■ What is being asked
Copy every record verbatim. Leave the pictures out.

************

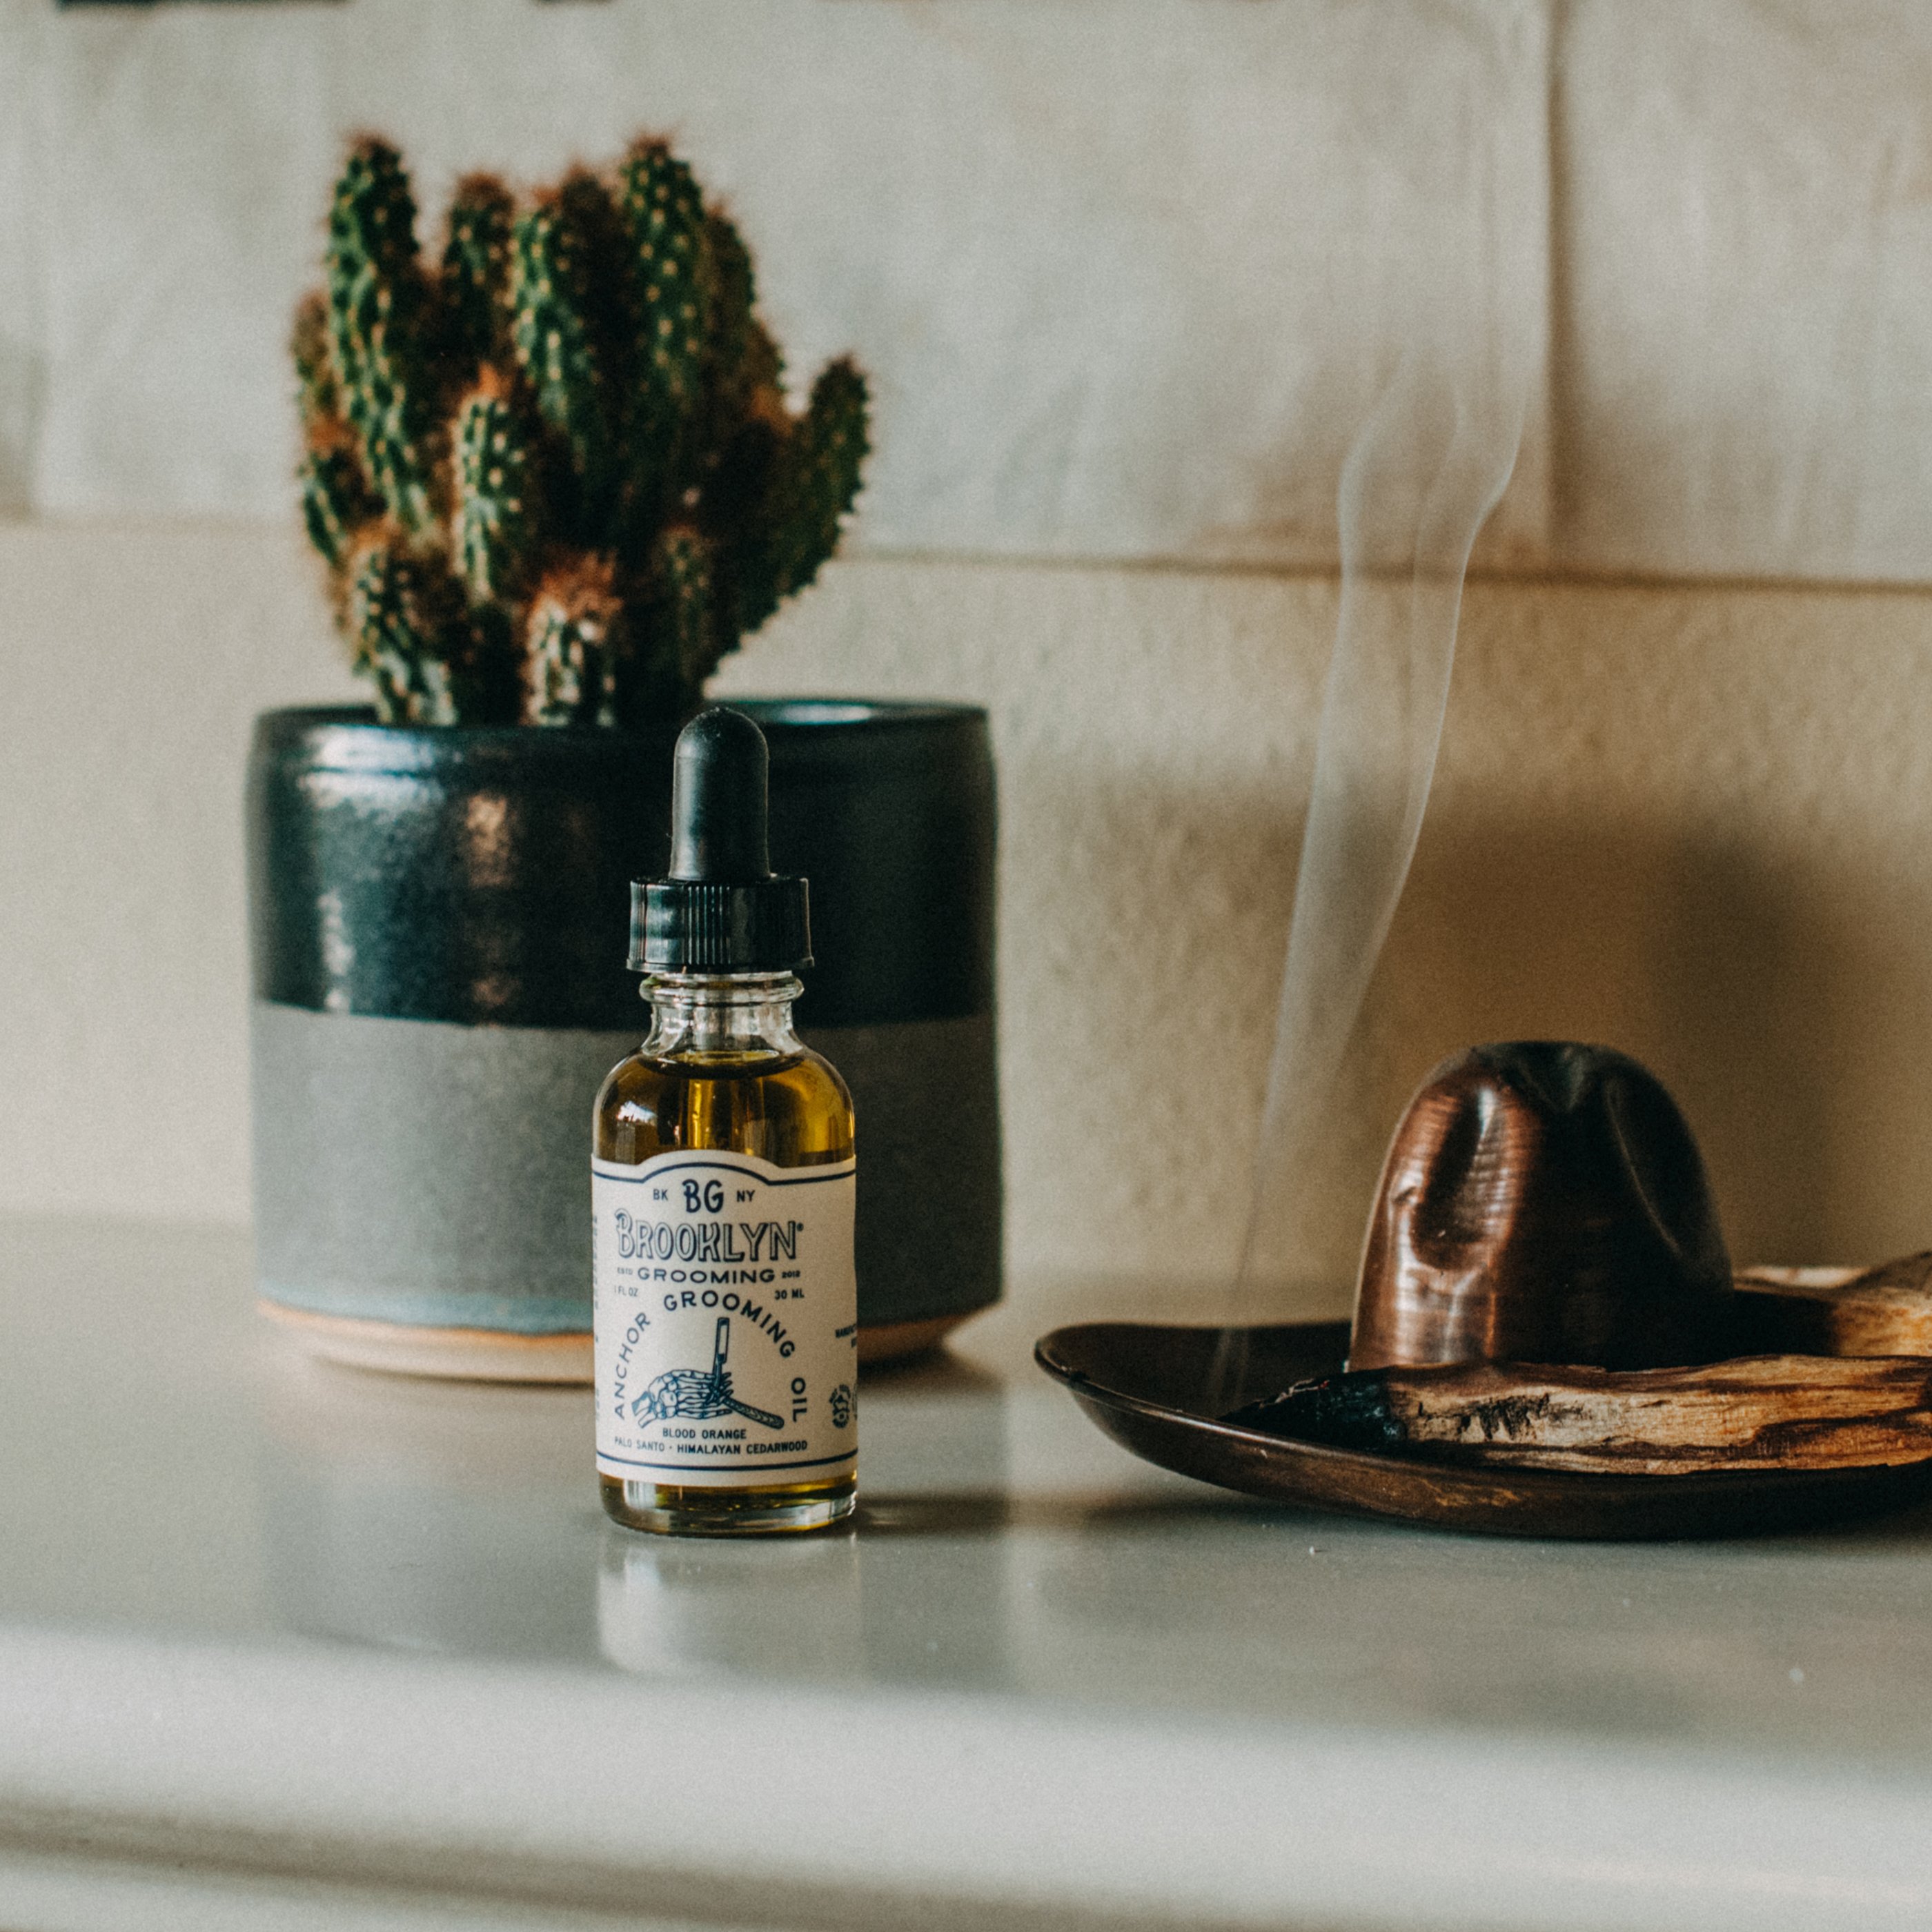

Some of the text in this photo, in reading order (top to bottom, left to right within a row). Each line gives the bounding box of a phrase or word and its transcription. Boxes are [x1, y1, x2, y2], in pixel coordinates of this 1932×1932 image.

[653, 1179, 756, 1213] BK BG NY
[638, 1267, 775, 1283] GROOMING
[782, 1270, 801, 1279] 2012
[618, 1286, 627, 1296] FL
[629, 1287, 638, 1297] OZ
[775, 1288, 805, 1300] 30 ML
[614, 1312, 651, 1420] ANCHOR
[664, 1290, 796, 1358] GROOMING
[791, 1377, 807, 1423] OIL
[662, 1428, 747, 1439] BLOOD ORANGE
[614, 1436, 807, 1455] PALO SANTO HIMALAYAN CEDARWOOD

************

■ Output below
Some of the text in this photo, in reading order (top to bottom, left to right within a row). Each line gives the bounding box of a phrase or word and its transcription. Boxes are [x1, y1, x2, y2], in pixel coordinates of this 1932×1932 image.

[653, 1179, 756, 1213] BK BG NY
[638, 1267, 775, 1283] GROOMING
[782, 1270, 801, 1279] 2012
[618, 1286, 627, 1296] FL
[629, 1287, 638, 1297] OZ
[775, 1288, 805, 1300] 30 ML
[614, 1312, 651, 1420] ANCHOR
[664, 1290, 796, 1358] GROOMING
[791, 1377, 807, 1423] OIL
[662, 1428, 747, 1439] BLOOD ORANGE
[614, 1436, 807, 1455] PALO SANTO HIMALAYAN CEDARWOOD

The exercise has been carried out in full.